The third Fiona Mason Mystery ‘Blood and Chocolate’ is now available as an eBook – Amazon.co.uk, Amazon.com etc
Fiona Mason’s hopes of leading a pleasant culture tour of Belgium visiting the great centres of Flemish Art go badly awry. One of Fiona’s passengers is found dead soon after the assassination of a British MP at a rally outside the European Parliament Building in Brussels. Could there be a link between the two deaths?
Once again, Fiona finds herself at odds with MI6 chief, Peter Montgomery-Jones who always appears to have his own agenda.
Writing Blood in Chocolate proved to be quite an adventure. I am one of those novelists who writes to find out what happens. I’m no plotter. I enjoy the journey.
With my standalone novels, I begin with an incident. this creates my characters and from their reactions the story evolves. After a chapter or two, I may have an idea of my final destination, but the route map is never worked out in detail.
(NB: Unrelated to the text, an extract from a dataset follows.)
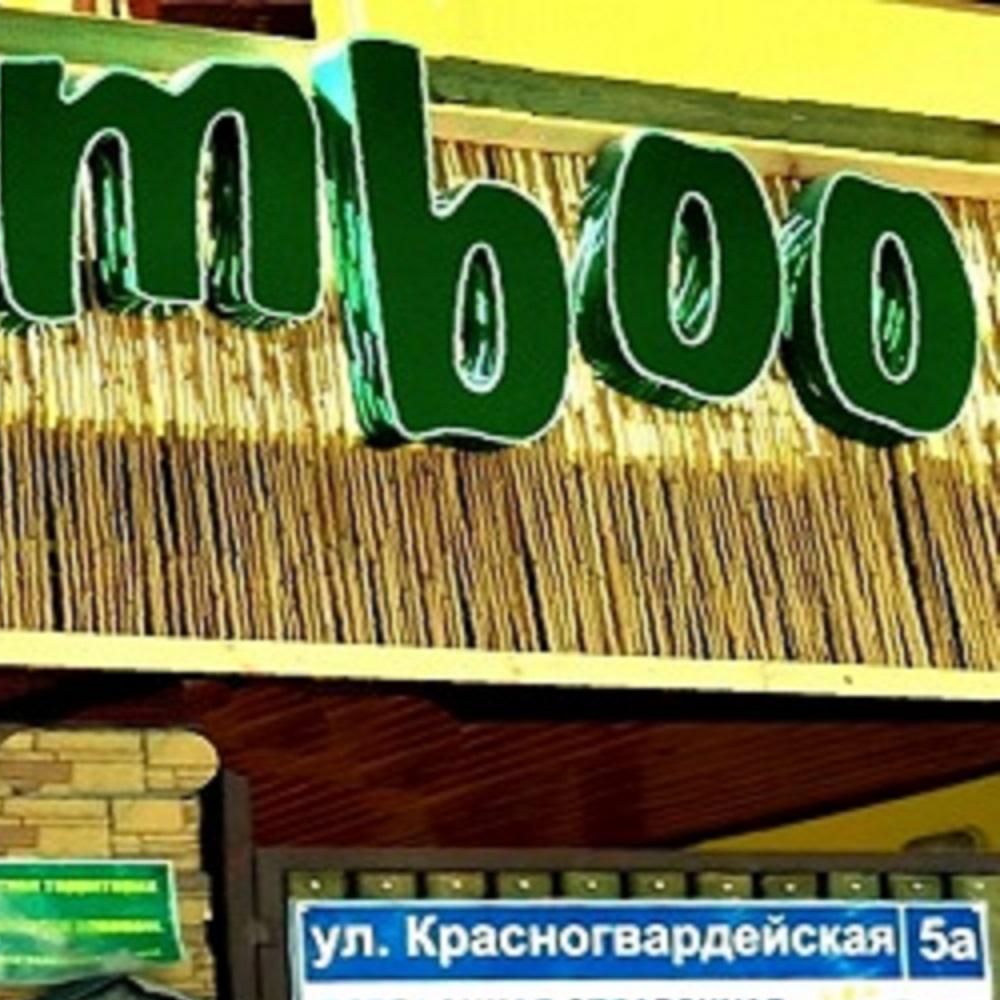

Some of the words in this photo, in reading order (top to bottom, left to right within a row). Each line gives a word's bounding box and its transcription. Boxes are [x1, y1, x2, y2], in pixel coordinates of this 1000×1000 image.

It’s true that writing the Fiona Mason Mysteries is not the same process. Writing a series creates constraints. I know my main character, my tour manager Fiona Mason and her driver Winston plus Peter Montgomery-Jones. Peter is an MI6 chief and he causes me no end of problems. I introduced him in the first in the series Blood on the Bulb Fields, not only did he insisted on a much bigger part than the minor role I had intended, he demanded to come back in the rest – characters DO take over! This means that there has to be an element of terrorism in every novel. Not quite the cosy setting I envisaged for the series when I set out! As each story involves a coach trip to a different country, I also need the plot to be related to that country so that it could not possibly take place anywhere else.
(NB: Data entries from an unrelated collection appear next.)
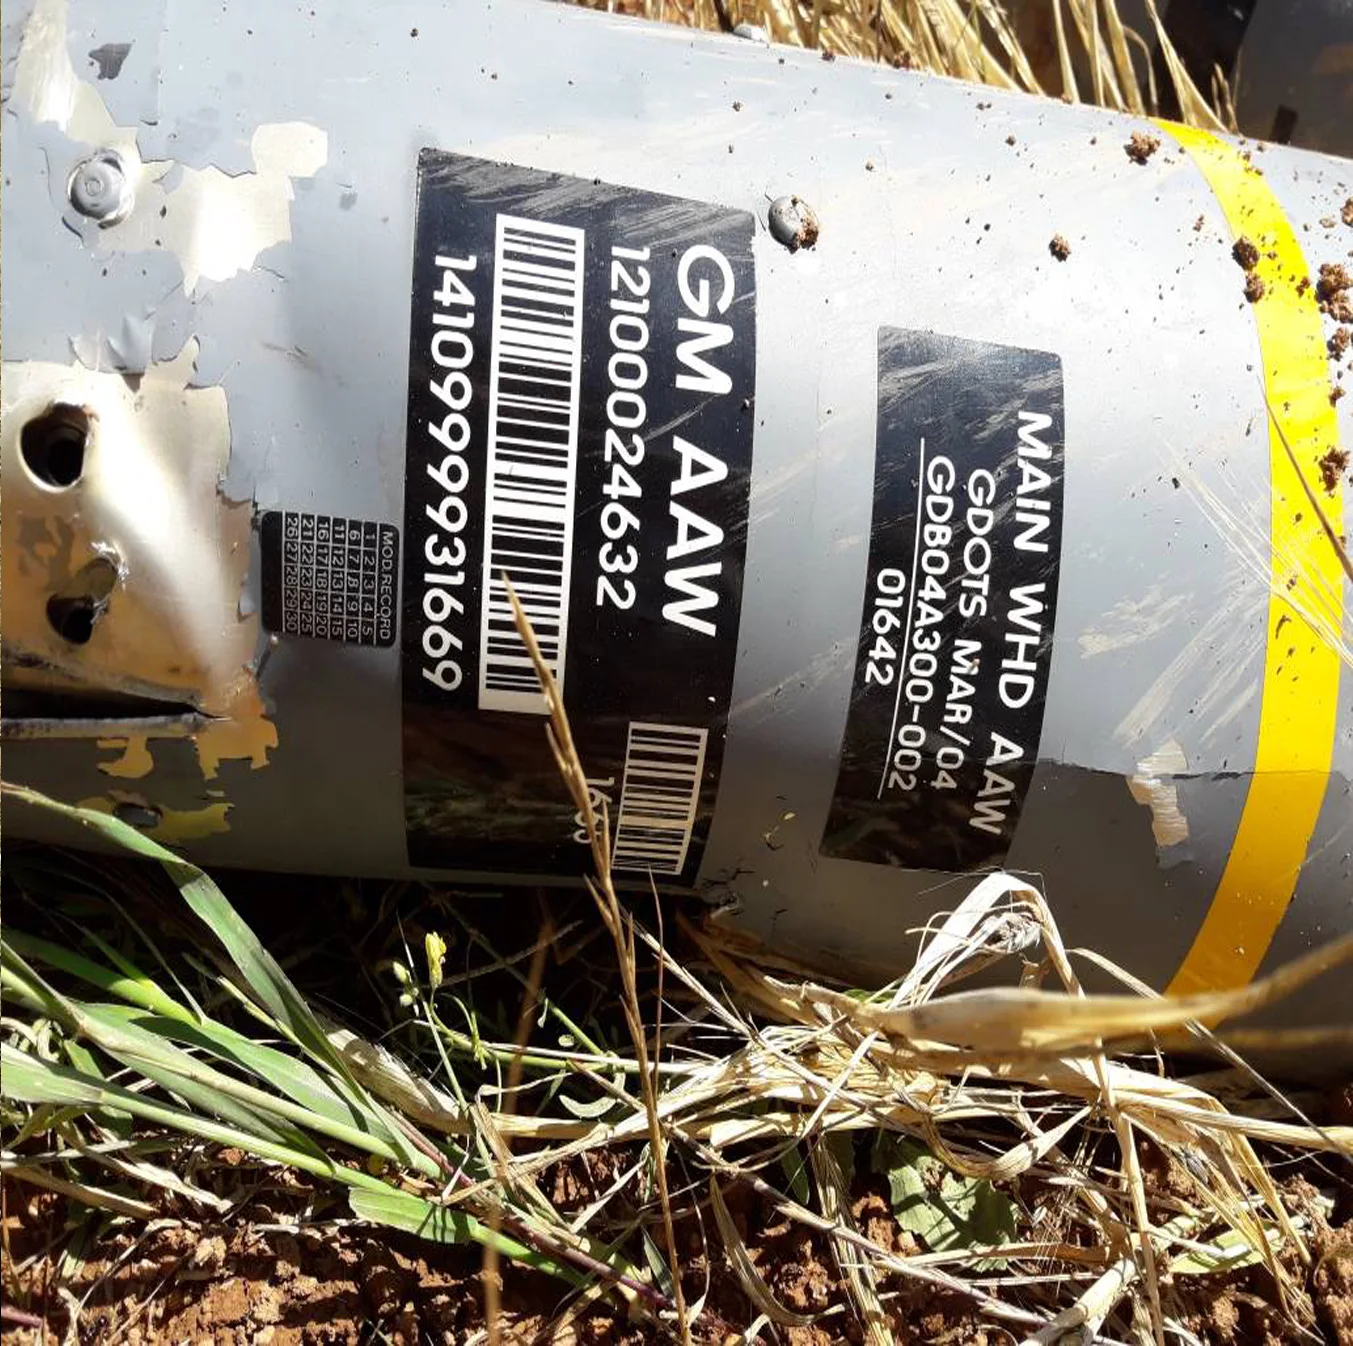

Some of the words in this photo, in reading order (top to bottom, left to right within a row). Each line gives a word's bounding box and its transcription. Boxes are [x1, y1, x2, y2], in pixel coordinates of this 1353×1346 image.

[675, 244, 735, 395] GM
[595, 244, 651, 610] 12100024632
[421, 255, 477, 692] 1410999931669
[1013, 411, 1052, 552] MAIN
[287, 518, 297, 537] 26
[303, 518, 313, 536] 21
[318, 522, 328, 540] 16
[335, 525, 344, 539] 11
[349, 530, 359, 540] 6
[662, 436, 725, 636] AAW
[958, 469, 996, 617] GDOTS
[287, 544, 296, 560] 27
[302, 544, 312, 563] 22
[318, 548, 328, 563] 17
[333, 549, 343, 565] 12
[349, 555, 359, 563] 7
[364, 556, 374, 565] 2
[287, 566, 296, 584] 28
[302, 567, 311, 586] 23
[317, 572, 326, 587] 18
[332, 573, 343, 588] 13
[348, 577, 358, 588] 8
[364, 580, 374, 589] 3
[287, 590, 296, 607] 29
[302, 592, 311, 609] 24
[317, 596, 326, 611] 19
[332, 597, 342, 612] 14
[348, 602, 358, 611] 9
[364, 603, 373, 612] 4
[287, 612, 296, 630] 30
[302, 614, 311, 632] 25
[317, 616, 326, 634] 20
[332, 621, 342, 635] 15
[864, 568, 907, 686] 01642
[887, 456, 955, 791] GDB04A300-002
[348, 623, 357, 637] 10
[362, 626, 372, 635] 5
[997, 583, 1046, 709] WHD
[930, 639, 980, 790] MAR/04
[968, 731, 1023, 835] AAW
Blood and Chocolate proved to be the most complicated novel to write so far. It took me into territories I know nothing about from the workings of the Secret Services, politics both main stream and fringe groups, government departments, UN, unions, Belgian police forces and the list goes on! The research has been interesting and far from straight forward but I hope the final result is credible. All my pre-release readers seem to think so. Let me know what you think!
Enjoy my dear readers, enjoy!
Sounds good, Judith! Looking forward to reading it.
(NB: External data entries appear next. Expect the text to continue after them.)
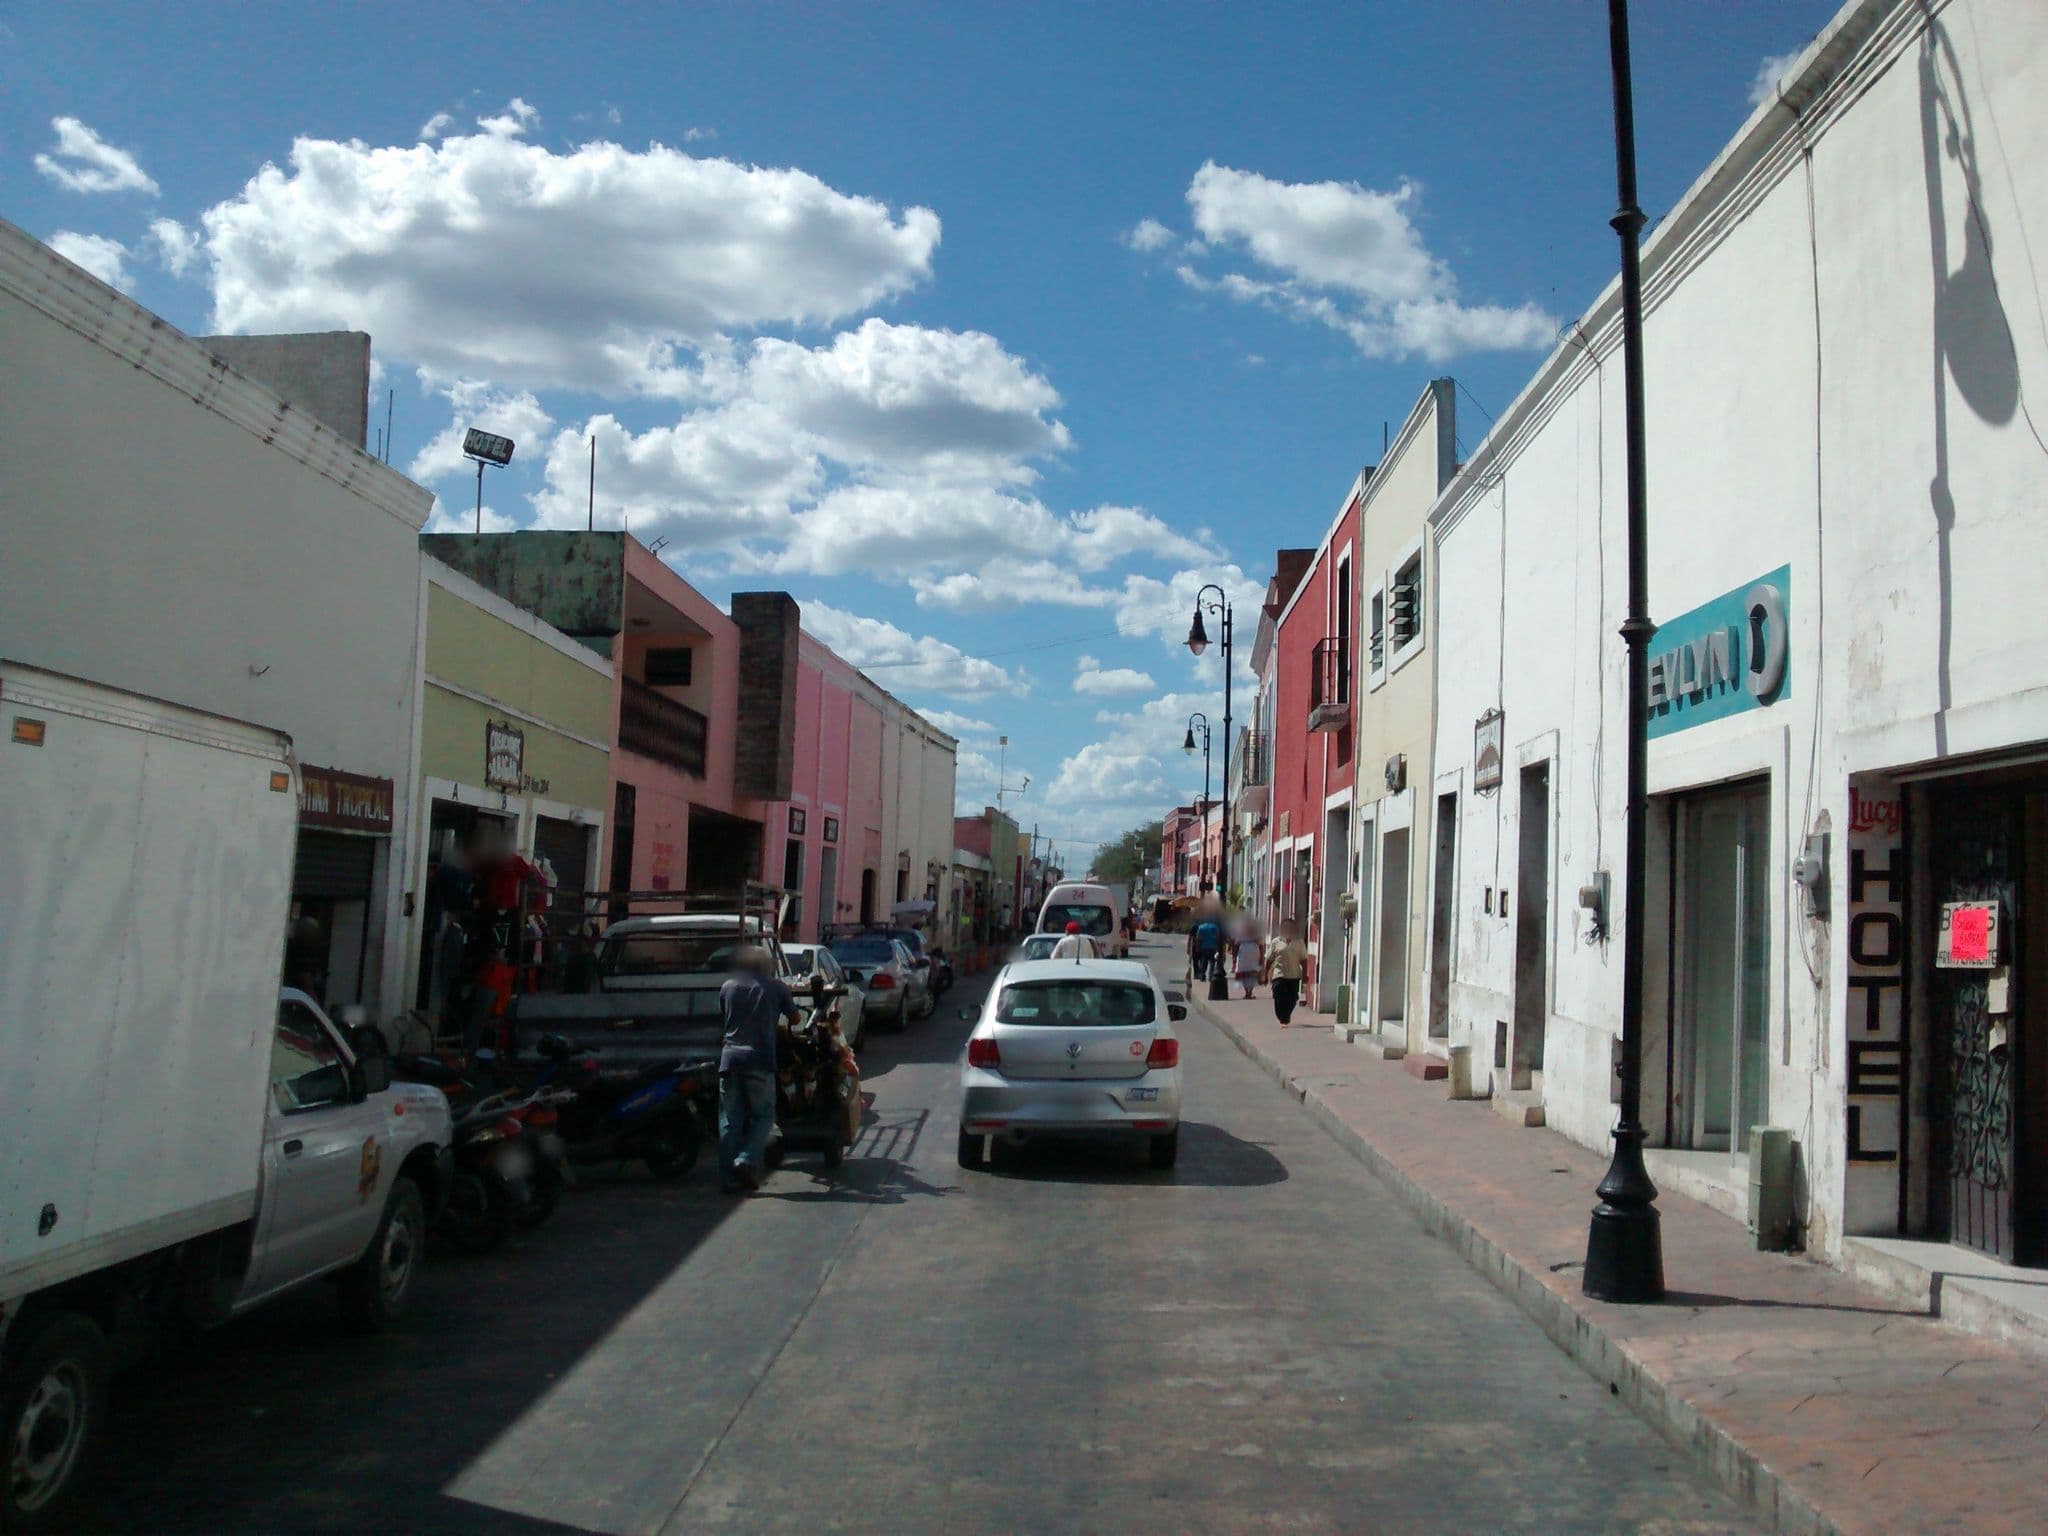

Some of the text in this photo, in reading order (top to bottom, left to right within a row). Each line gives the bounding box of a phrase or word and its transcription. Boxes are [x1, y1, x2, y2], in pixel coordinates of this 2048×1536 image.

[464, 429, 508, 458] HOTEL
[1648, 627, 1738, 707] EVLYN
[300, 778, 390, 821] TINA TROPICAL
[452, 783, 459, 801] A
[1848, 786, 1903, 834] Lucy
[1848, 849, 1903, 1162] HOTEL
Many thanks, Geraldine. Enjoy!
I understand when you state your characters decide to play a bigger part in your writing. I always feel I’m getting somewhere when my characters start to dictate how their reaction and stories will go.
Non-writers must think us very odd – if not slightly deranged – allowing our own inventions to take over! It’s something you can’t explain to anyone who has never experienced it.